How To Turn Your FAQ Into Evergreen Content
The best time to answer questions is before people ask them
It’s a mystery to me why business content has become so elusive. Everyone is either looking for that special spin or just doing what someone else does. The only thing that’s truly unique to your business is your business. Why not dig into it and expand on what your clients really want to know?
The key to future business content success is right under your nose. It’s sitting in your outdated, under-answered, oft-overlooked Frequently Asked Questions section. Do you even remember what’s in that section? Most of us don’t.
Turning Your FAQ Evergreen
Ask yourself: What are the ten questions I get asked the most in my business?
Write them down.
Not in a Frequently Asked Questions section. Those are for rookies, and no one can ever find them on your website anyway. But if I’m being honest, I go to the FAQ page on a lot of sites. And truth be told, they aren’t good. The answers are too short. They don’t explain the why behind the question we’re asking. So…
Answer each of your ten most-asked questions in one sentence, then:
- Write each question at the top of a blog post.
- Paste your one-sentence answer into the post. Expand it.
- Ask yourself: What are the most common follow-up questions to my first answer?
- Add photos and videos. Add diagrams. Basically, play Medium for your business.
- Add an audio snippet.
- Add humor (or find someone with a sense of humor to do it for you).
Wouldn’t it be great if each bullet point in your FAQ served as everlasting evergreen content for your business?
They can.
But you have to dig into them.
Answer Your Customer’s Questions, In-Depth, in Advance
Your FAQ just went rogue. It now has a mind of its own. Now it’s time to move your FAQ off of the outdated page and into the blogosphere.
Would your customers rather read about incomprehensible market data or the answer to the most frequently asked question of your company?
By blogging the answers to your most asked questions, you’re engaging in passive customer acquisition.
Consumers go to your website for the first time looking for answers (or validation). If you answer their first and second questions before they even inquire, you’ve taken two steps forward. Then why isn’t every question answered in the form of a blog instead of a sentence?

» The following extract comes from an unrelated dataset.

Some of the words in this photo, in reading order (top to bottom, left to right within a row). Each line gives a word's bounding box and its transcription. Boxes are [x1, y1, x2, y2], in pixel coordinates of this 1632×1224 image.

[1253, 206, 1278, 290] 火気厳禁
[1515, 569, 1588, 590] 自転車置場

The less time you spend answering the easy questions via email or customer service, the more time (and money) your prospects can spend on you.

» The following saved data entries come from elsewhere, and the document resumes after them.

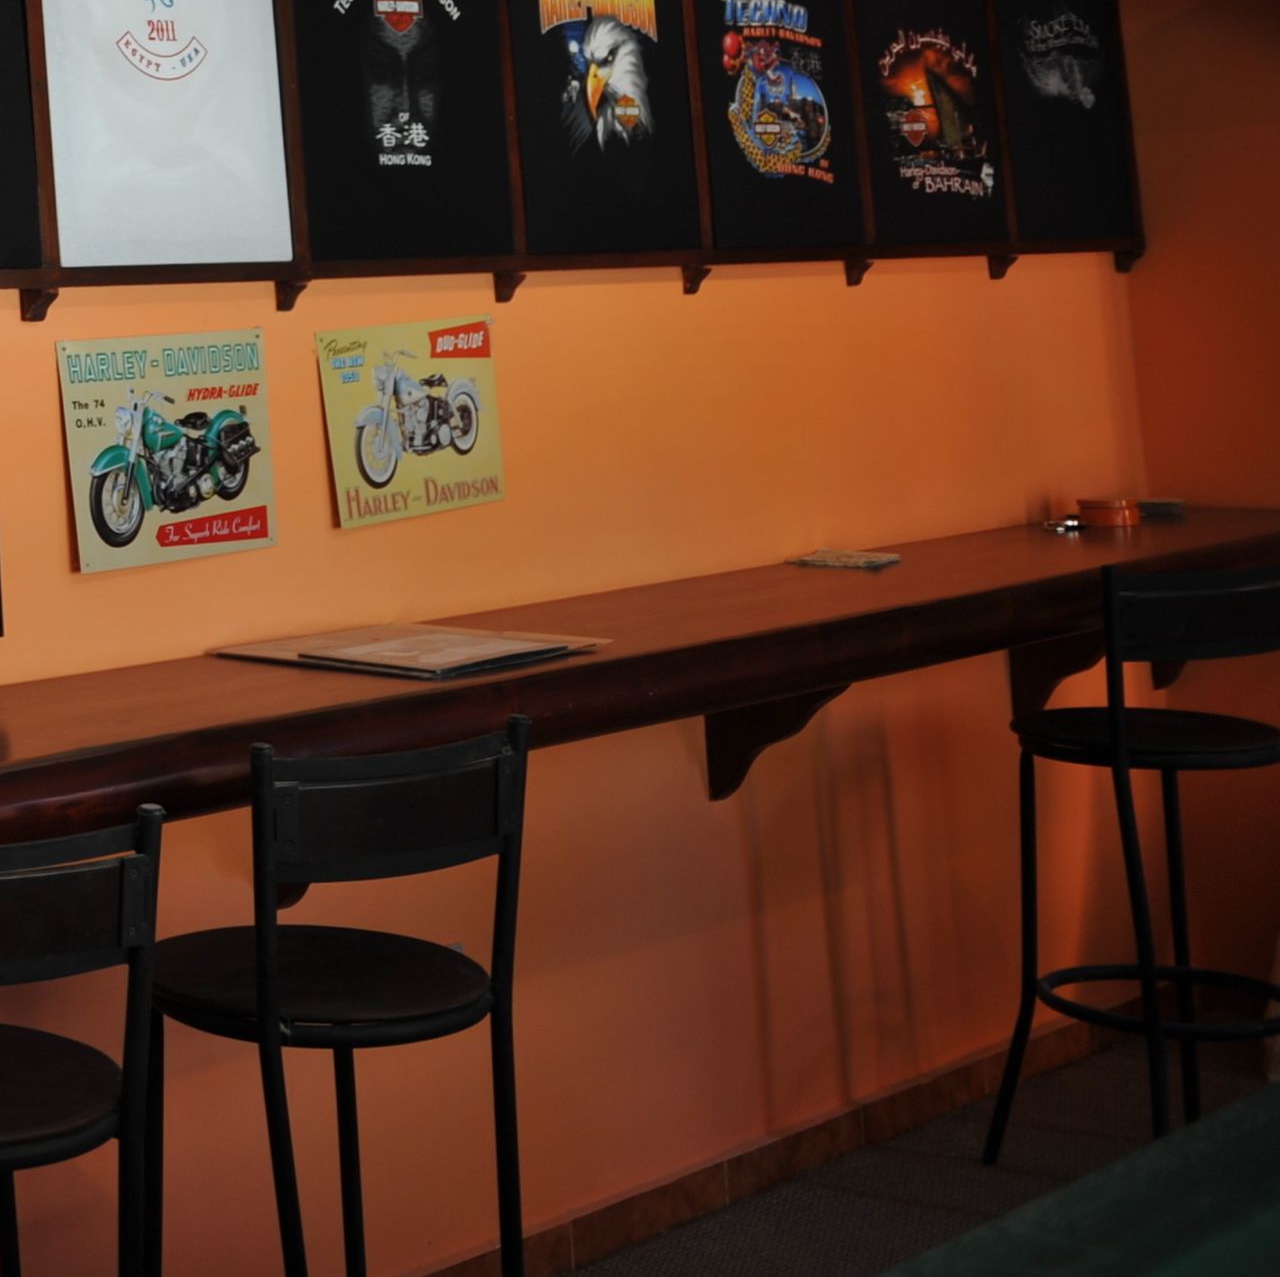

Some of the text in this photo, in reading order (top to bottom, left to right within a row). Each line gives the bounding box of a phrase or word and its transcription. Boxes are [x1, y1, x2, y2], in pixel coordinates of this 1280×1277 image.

[146, 20, 178, 42] 2011
[179, 47, 201, 68] USA
[376, 123, 430, 147] 香港
[379, 154, 432, 167] HONG KONG
[924, 177, 984, 197] BAHRAIN
[436, 330, 485, 353] DUO-GLIDE
[187, 383, 260, 402] HYDRA-GLIDE
[72, 399, 106, 410] The 74

Blogging each FAQ also gives you the opportunity to showcase your company branding, style, and personality over and over again.
Expanding the Evergreen
Once you take the time to answer these questions in-depth, the content will become evergreen. It will always be relevant because it’s what your customers are most concerned about.
You can send one of these posts a month out to your email list. It will get more opens than a regurgitated monthly update. All you have to do is keep up with changes and adjust along the way. Expand your FAQ by explaining why these 10 blogs are coming out.
We want you, the customer, to know we are thinking way ahead of you. We don’t think our product is perfect, and here is a round-up of what people ask us the most. But instead of a one-line answer, we dedicated a whole blog post to each question to help you dig a bit deeper.
Help Your Audience Before They Have to Ask
This is what you want to do. Help them before they have to ask you. You provide a plus for them with easy-to-find answers, in long-form, to all of their questions, and you provide a win to you because it’s one less email or query you have to deal with.
It’s not efficient to just have a template email response to the ten most asked questions because that’s less personal and still requires someone to send the email. If you keep up with blogging the answers to the most-asked questions, you’ll end up with quicker decision-making on behalf of your clients and increased efficiency in-house.
It’s time to upgrade your FAQ and make it evergreen.